Advent Reflection for the ME Community
Advent is a season of hope, peace, joy, and love - a time to prepare for the coming of the Saviour, Jesus Christ. Yet for those of us with ME, Advent and Christmas often bring other emotions too: sorrow, isolation, and the sharp reminder of all we cannot do. While others gather to celebrate, many of us remain in darkened rooms, unable to tolerate light, noise, or company. It is then that the loneliness of illness feels most acute and can feel overwhelming.
And yet, Advent is precisely about light shining in darkness, and hope being born when all seems lost.

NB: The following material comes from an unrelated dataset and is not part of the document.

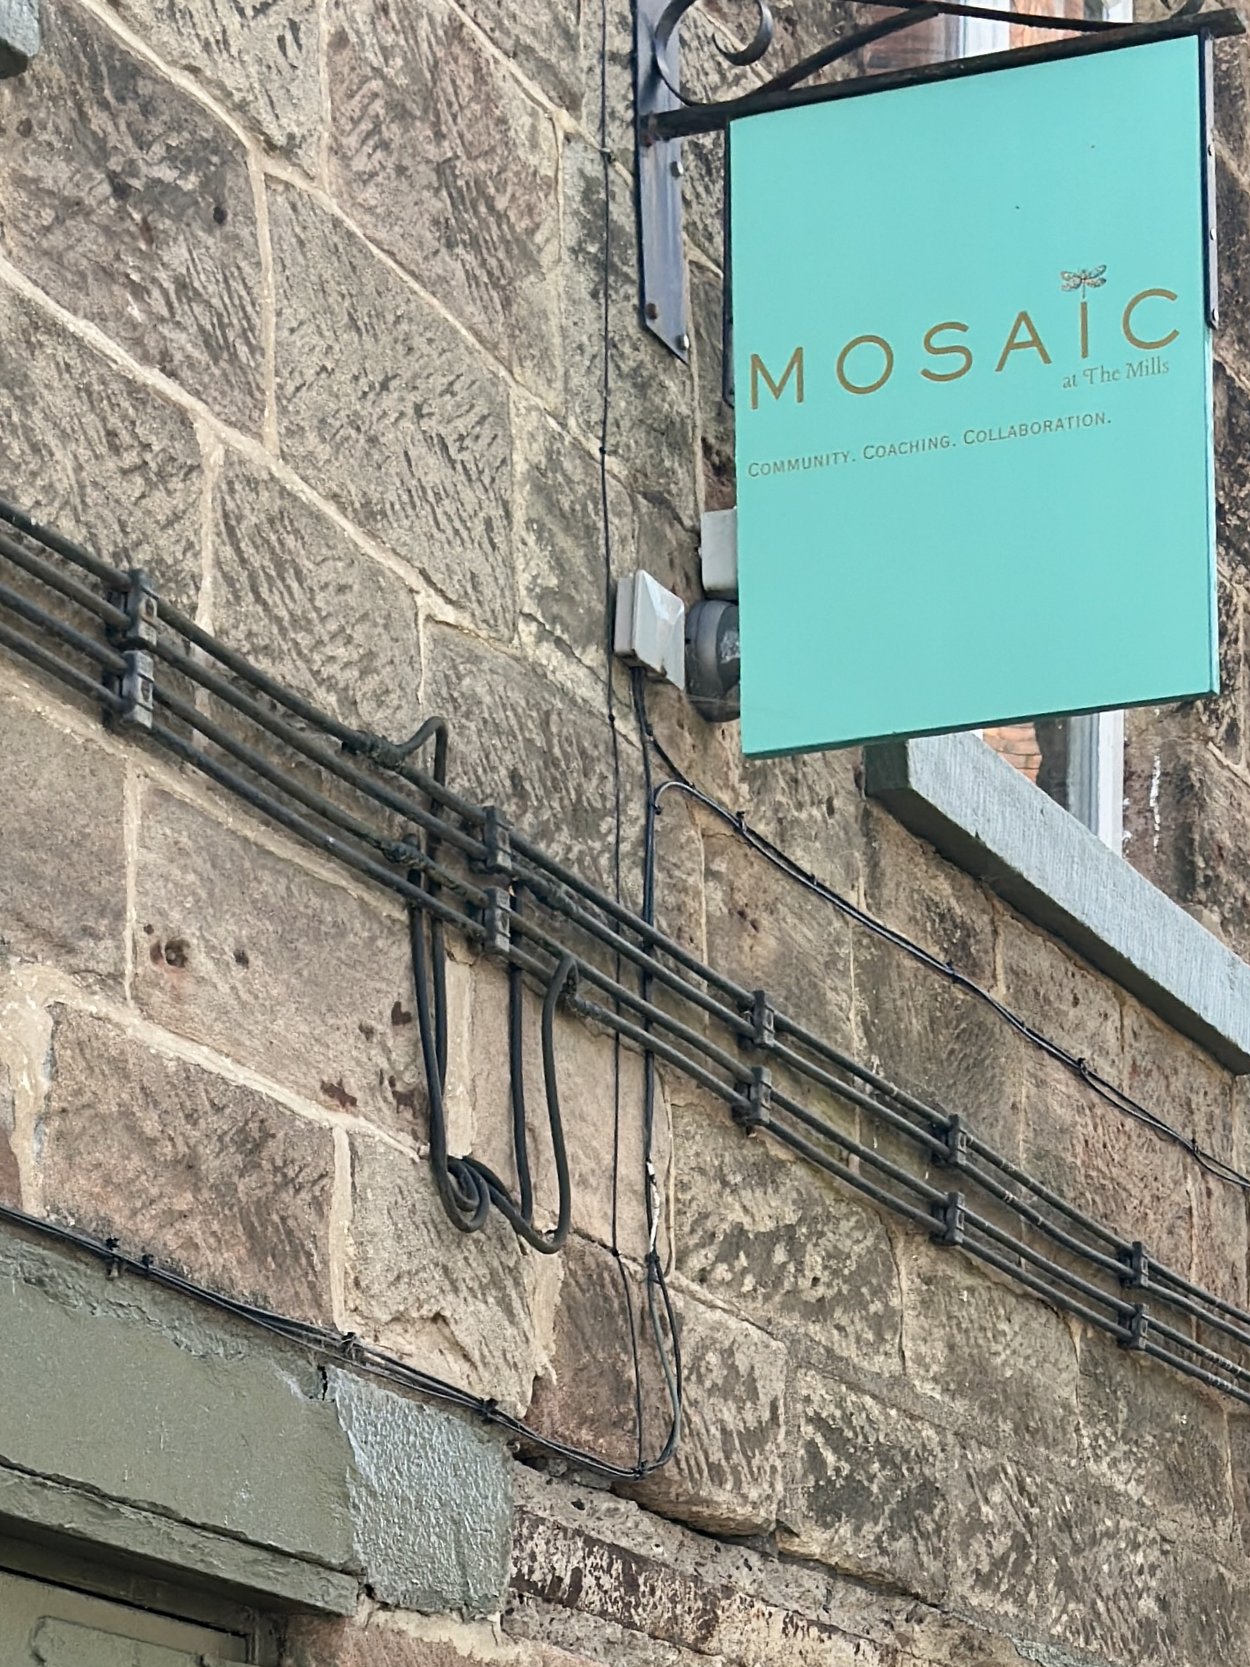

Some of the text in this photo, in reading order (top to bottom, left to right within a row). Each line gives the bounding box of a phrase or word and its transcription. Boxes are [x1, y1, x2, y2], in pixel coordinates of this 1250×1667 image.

[750, 288, 1180, 410] MOSAIC
[1062, 356, 1170, 388] at The Mills
[747, 411, 1112, 479] COMMUNITY. COACHING. COLLABORATION.

As a fifty-year veteran of ME, I have witnessed two parallel stories unfold. One is the steady progress of science, gradually uncovering some of the biological roots of this devastating disease during the last quarter of the 20th century. The other is a darker story - of denial, distortion, and stigma, as powerful voices from 1988 onwards sought to redefine ME as merely psychological, and bury the research and knowledge gained. This falsehood caused profound harm: patients were abandoned, disbelieved, and sometimes destroyed by the very systems meant to protect them, while parents endured false accusations of fabricated or induced illness (FII).
But now, the truth is coming to the fore again, and the knowledge, long buried, is being regained. A new generation of scientists is rediscovering the evidence; silenced voices are being heard. For the first time, there is genuine, evidence-based hope - of biomarkers, of understanding, of treatments to come. Though some still cling to the old dogma, the medical darkness is giving way to dawn.
This Christmas, as we await the coming of Christ - the Light of the World - we also wait for the healing of truth and compassion. The hope of Advent is not naïve; it is forged in endurance and kept alive by faith.
Let us hold fast to that hope - that soon, light will shine fully into this darkest of medical chapters, and no one with ME or Long Covid will be left unseen, unheard, or disbelieved again.